Diethyl maleate itself caused mild hepatotoxicity that was observed histologically and measured biochemically by the release of hepatic
transaminase enzymes into the circulation. GSH
transferase activity was decreased in perfused livers from
diethyl maleate-treated rats as shown by the persistence of circulating
styrene oxide compared with that seen in experiments with livers from control animals. In the absence of GSH
transferase activity, the rate of
styrene oxide biotransformation by
epoxide hydrolase was sufficient to prevent measurable hepatotoxicity, up to
epoxide concentrations tolerated by livers from control rats. The administration of 500 mumol of
styrene oxide to perfused livers from
diethyl maleate-treated rats caused periportal
necrosis and extensive covalent binding of
styrene oxide-derived radioactivity to tissue
protein.
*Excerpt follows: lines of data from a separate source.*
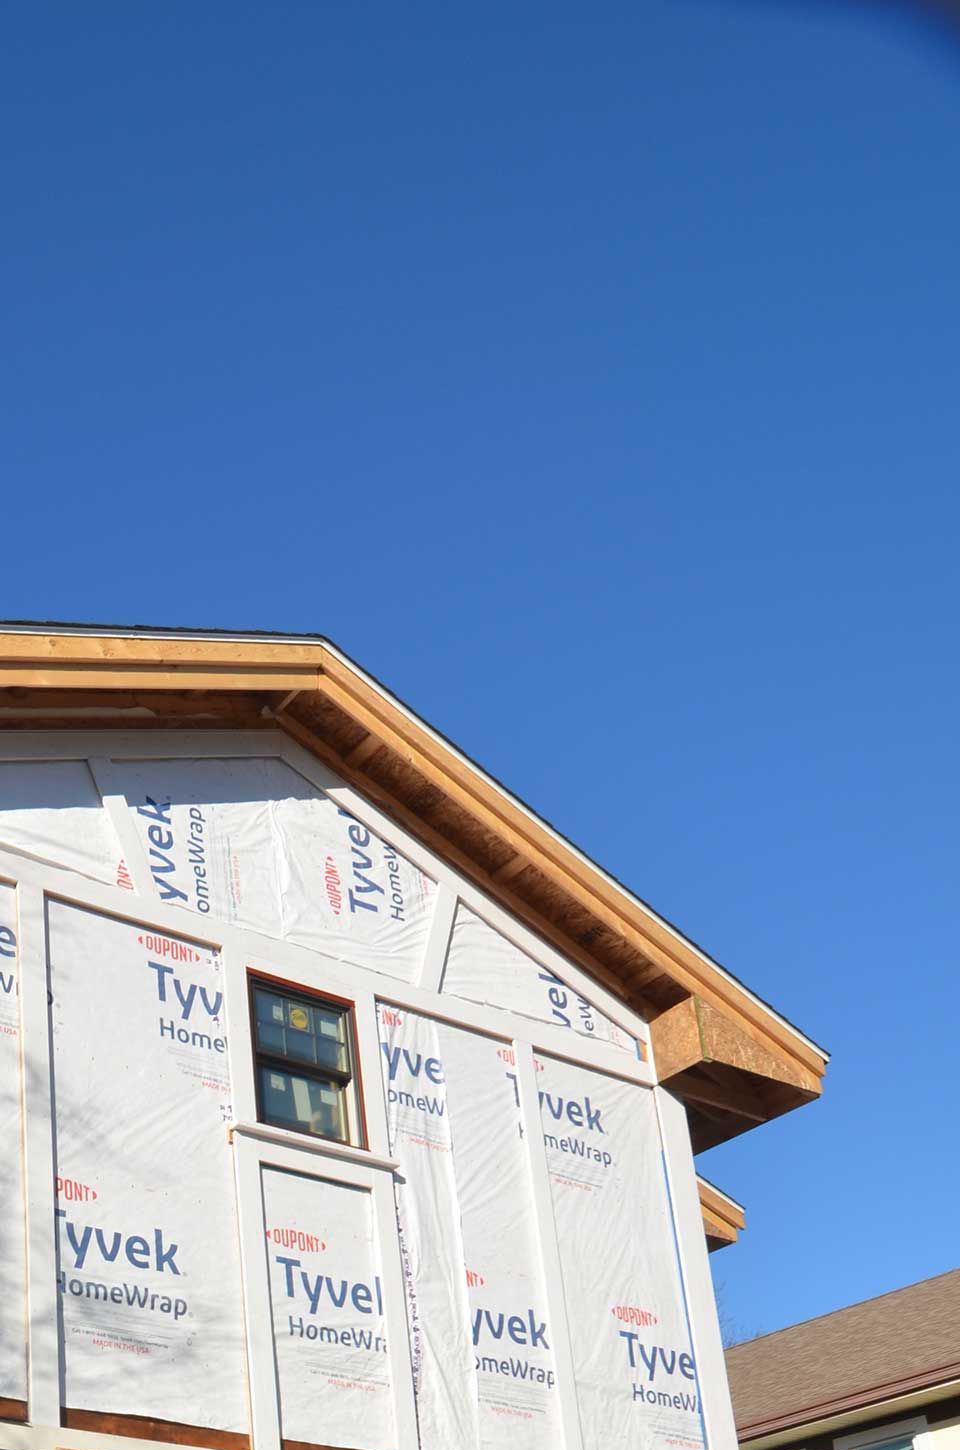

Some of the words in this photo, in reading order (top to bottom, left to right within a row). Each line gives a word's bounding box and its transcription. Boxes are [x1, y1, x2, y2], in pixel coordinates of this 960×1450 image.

[137, 795, 188, 901] yvek
[187, 807, 210, 913] omeWrap
[325, 862, 341, 910] DUPONT
[146, 936, 193, 963] DUPONT
[148, 961, 223, 1020] Tyv
[160, 1017, 228, 1053] Home
[380, 1042, 445, 1084] yve
[273, 1228, 319, 1253] DUPONT
[617, 1306, 652, 1327] DUPONT
[619, 1330, 697, 1382] Tyve
These effects, however, were no more severe than those seen in perfused livers from control animals given 500 mumol of
styrene oxide. Due to high GSH
transferase activity in perfused livers from untreated rats, the capacity of
epoxide hydrolase to detoxify
styrene oxide is difficult to measure in this system. The detoxication potential of
epoxide hydrolase was clearly demonstrated in this study with GSH-depleted liver preparations.